Prince
- Product type: Cigarette
- Owner: British American Tobacco
- Produced by: House of Prince
- Country: Denmark
- Introduced: 1957; 69 years ago
- Markets: See Markets
- Previous owners: Scandinavian Tobacco Company
- Tagline: "Jeg er også gået over til Prince" ("I have also gone over to Prince")

= Prince (cigarette) =

Danish cigarette brand

Prince is a Danish brand of cigarettes, owned by multinational British American Tobacco, and produced by House of Prince, which until 2008 was a subsidiary of the Scandinavian Tobacco Company.

==History==
Prince was introduced in 1957 on the Danish market by Chr. Augustine's Fabrikker as a 'counterpart' to the first filter cigarette in this country, "All-Over", as R. Færch's Factories released four years earlier. For decades, Prince was an unquestioned market leader, but in recent years the position has been challenged by brands like "LA", which have taken significant market shares. In 2002 Prince saw 48.1% of the Danish cigarette market, while it accounted for only 26.7% of sales five years later.

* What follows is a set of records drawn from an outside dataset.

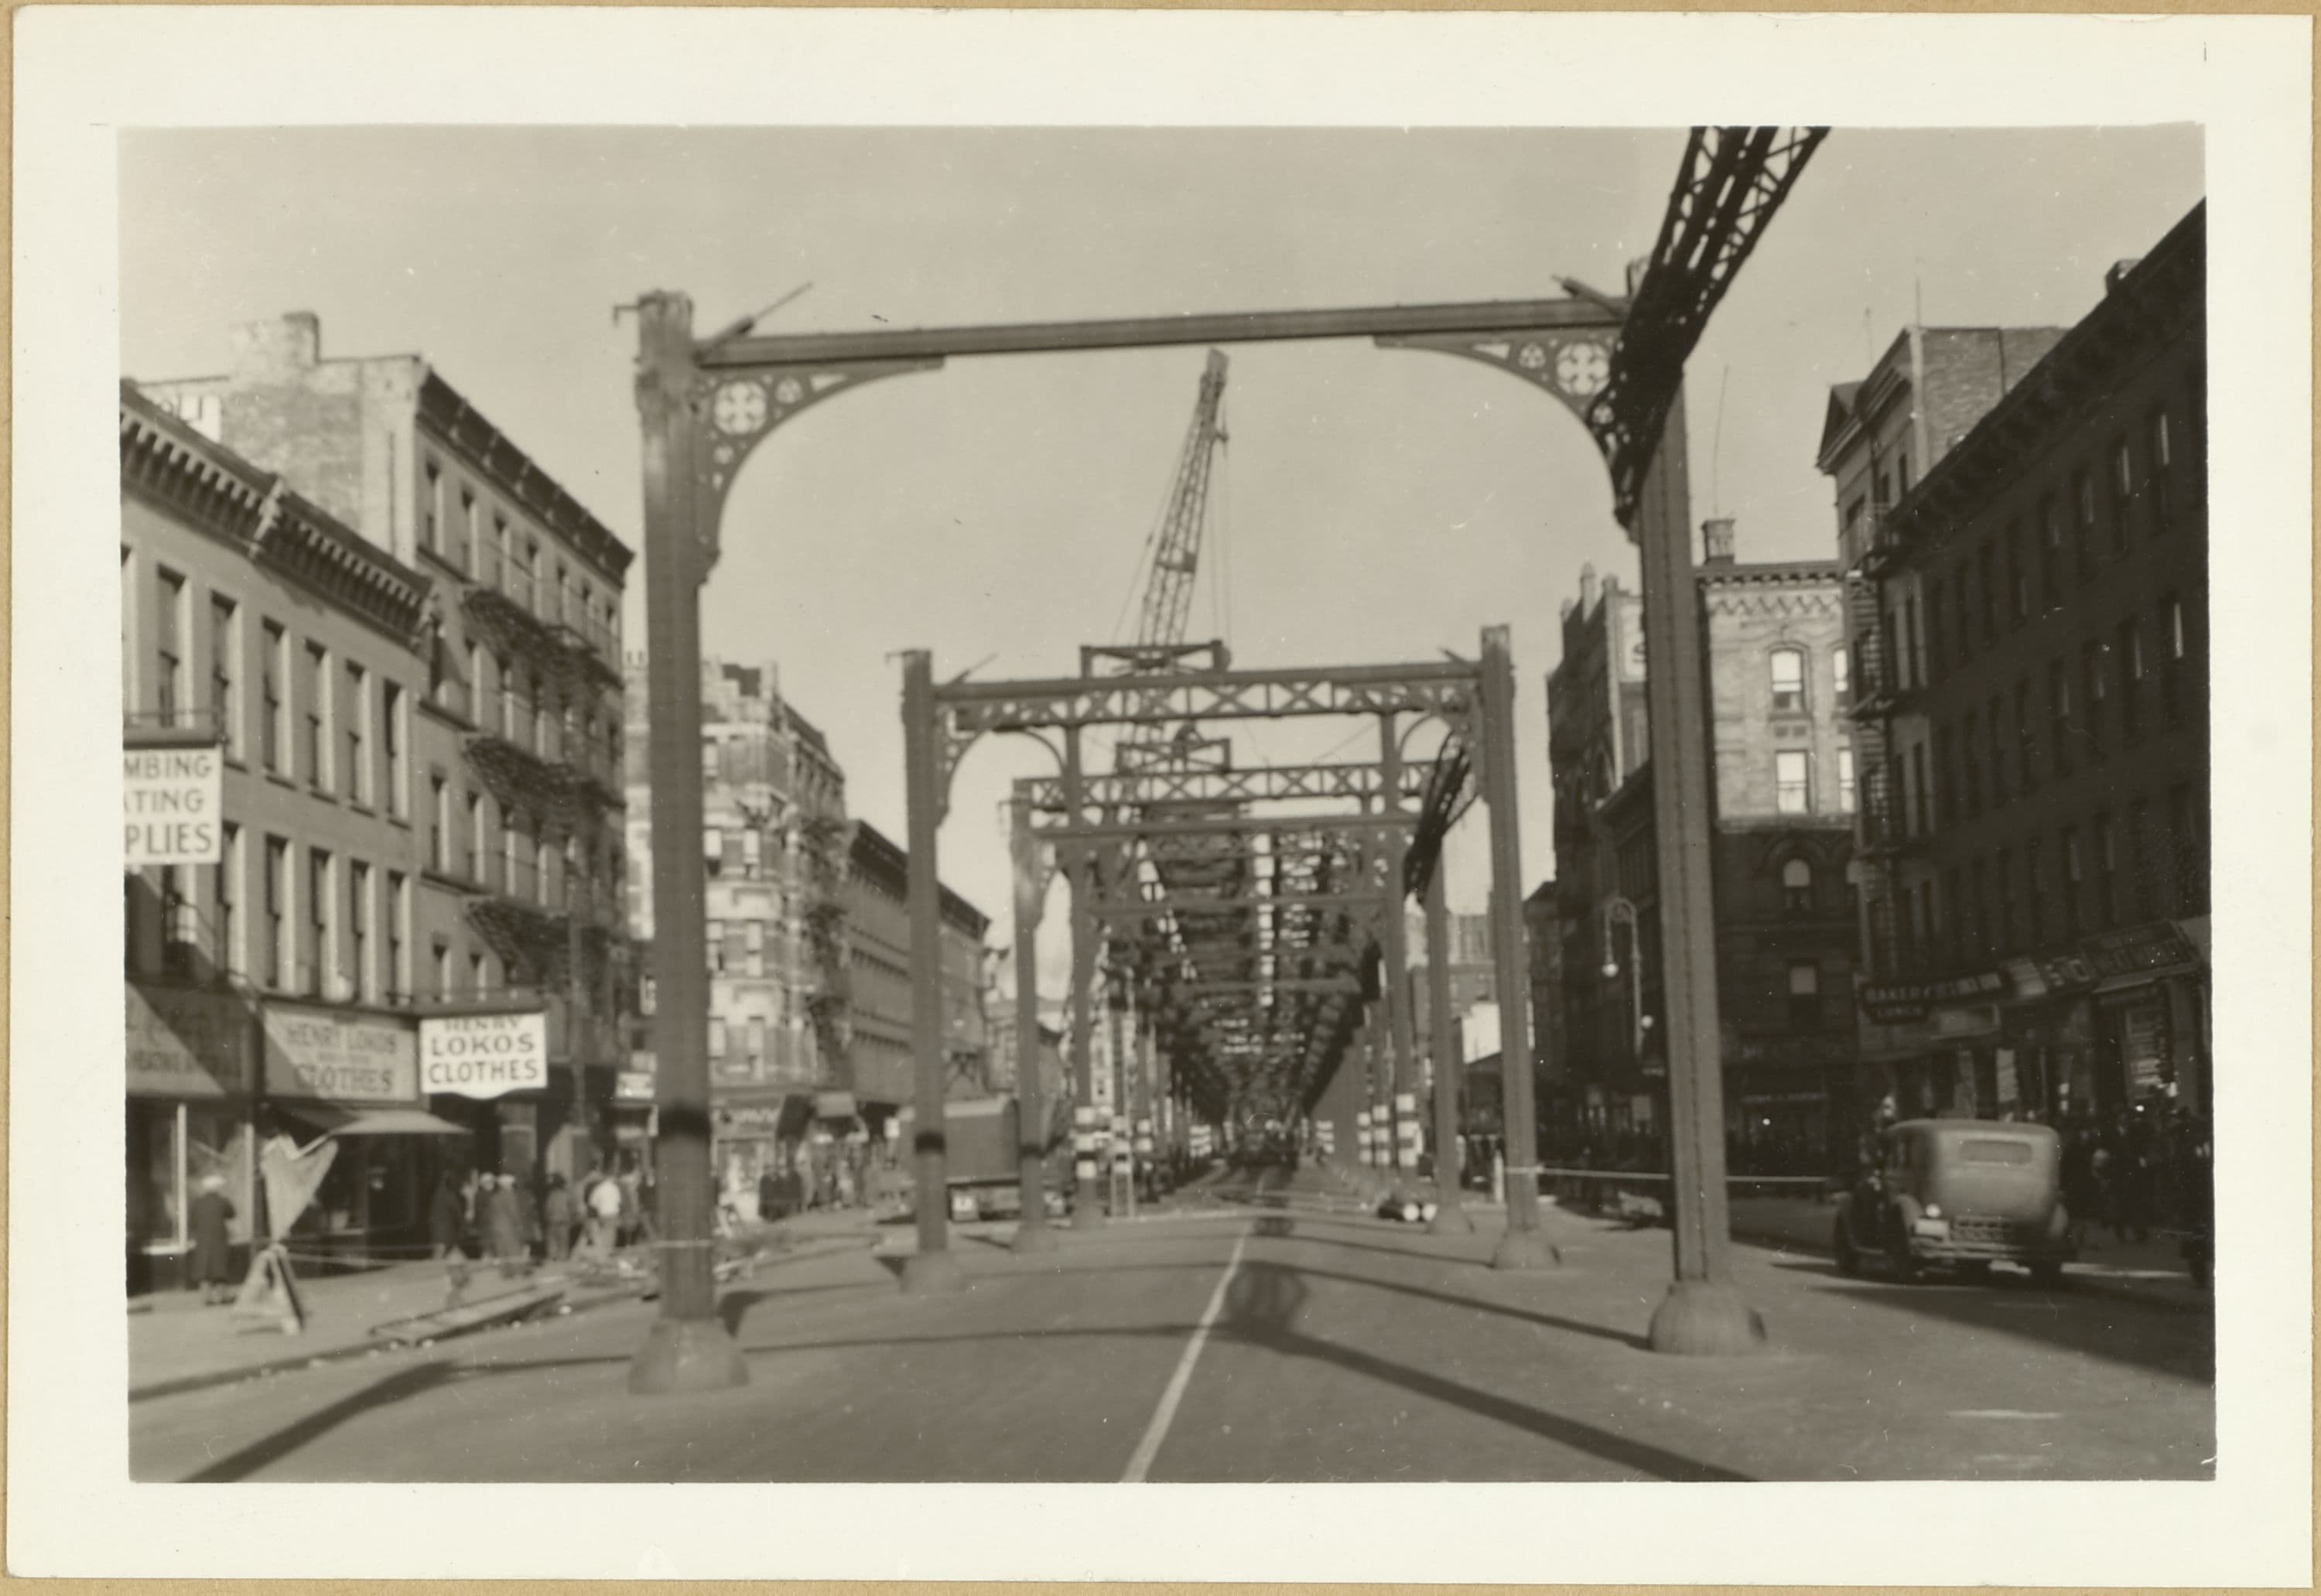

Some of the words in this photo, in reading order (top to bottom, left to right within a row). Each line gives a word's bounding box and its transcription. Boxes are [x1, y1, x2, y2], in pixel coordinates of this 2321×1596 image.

[124, 755, 211, 778] MBING
[125, 822, 211, 854] PLIES
[431, 1033, 535, 1056] LOKOS
[429, 1059, 538, 1084] CLOTHES
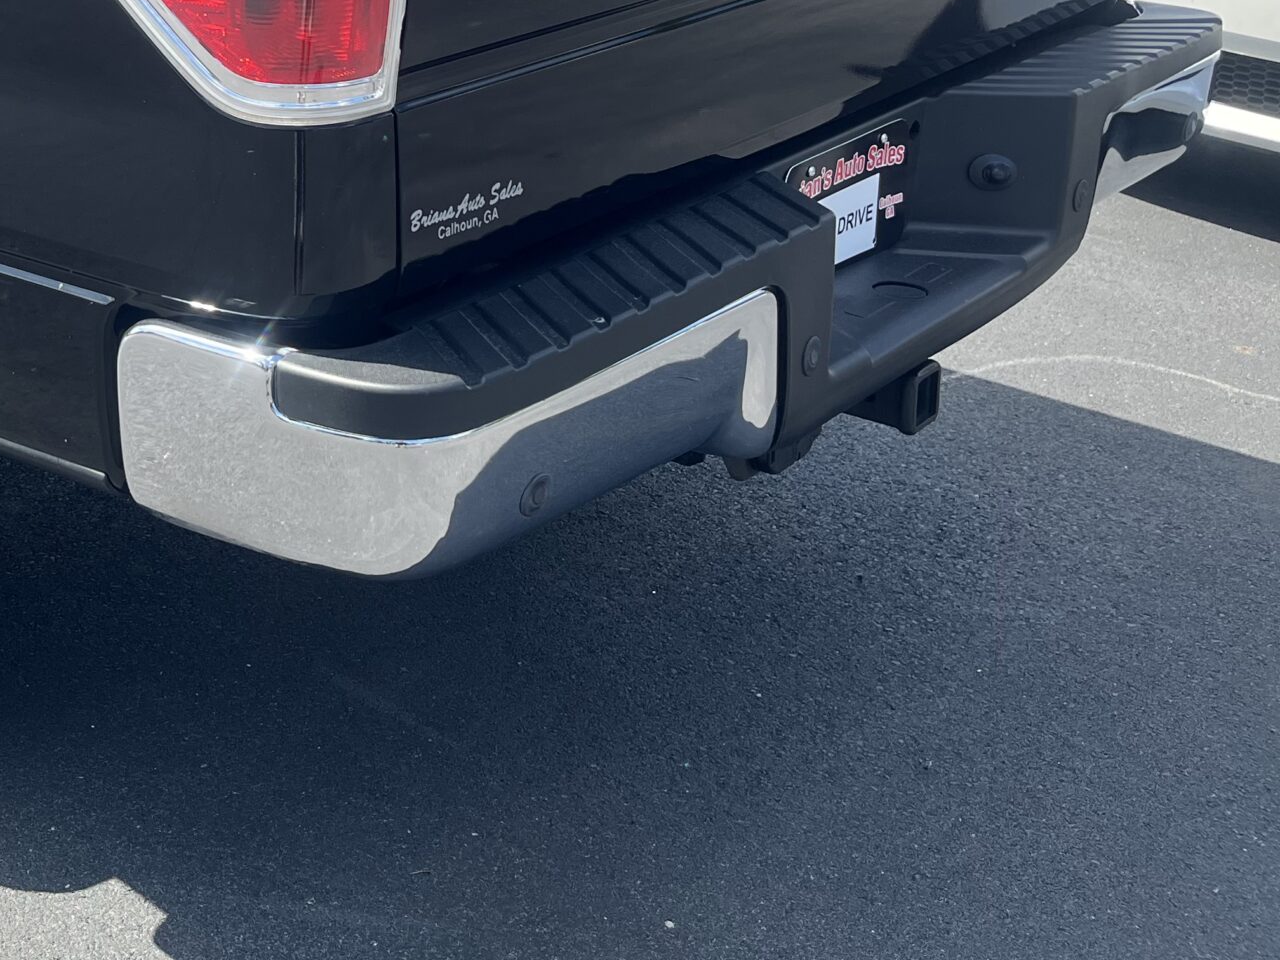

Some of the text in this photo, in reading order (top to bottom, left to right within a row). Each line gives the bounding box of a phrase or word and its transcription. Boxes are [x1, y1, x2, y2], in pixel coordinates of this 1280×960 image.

Right from the beginning, Prince marketed under the slogan "Jeg er også gået over til Prince" ("I have also gone over to Prince"). First, the models were anonymous, but already from the 1960s there were known faces that contributed. In the 1990s, there was, among other people, the photomodel Tina Kjær. Denmark, like other EU countries, banned the advertising of tobacco from 2002 onward.
In Norway and Sweden, the brand became known for its aggressive marketing, where Norwegian and Swedish celebrities stood up and said they "had also gone over to Prince". Rolv Wesenlund, Roald Øyen, Henki Kolstad, Lollo Schanke, Kari Simonsen and Elisabeth Granneman were some of the celebrities who did so.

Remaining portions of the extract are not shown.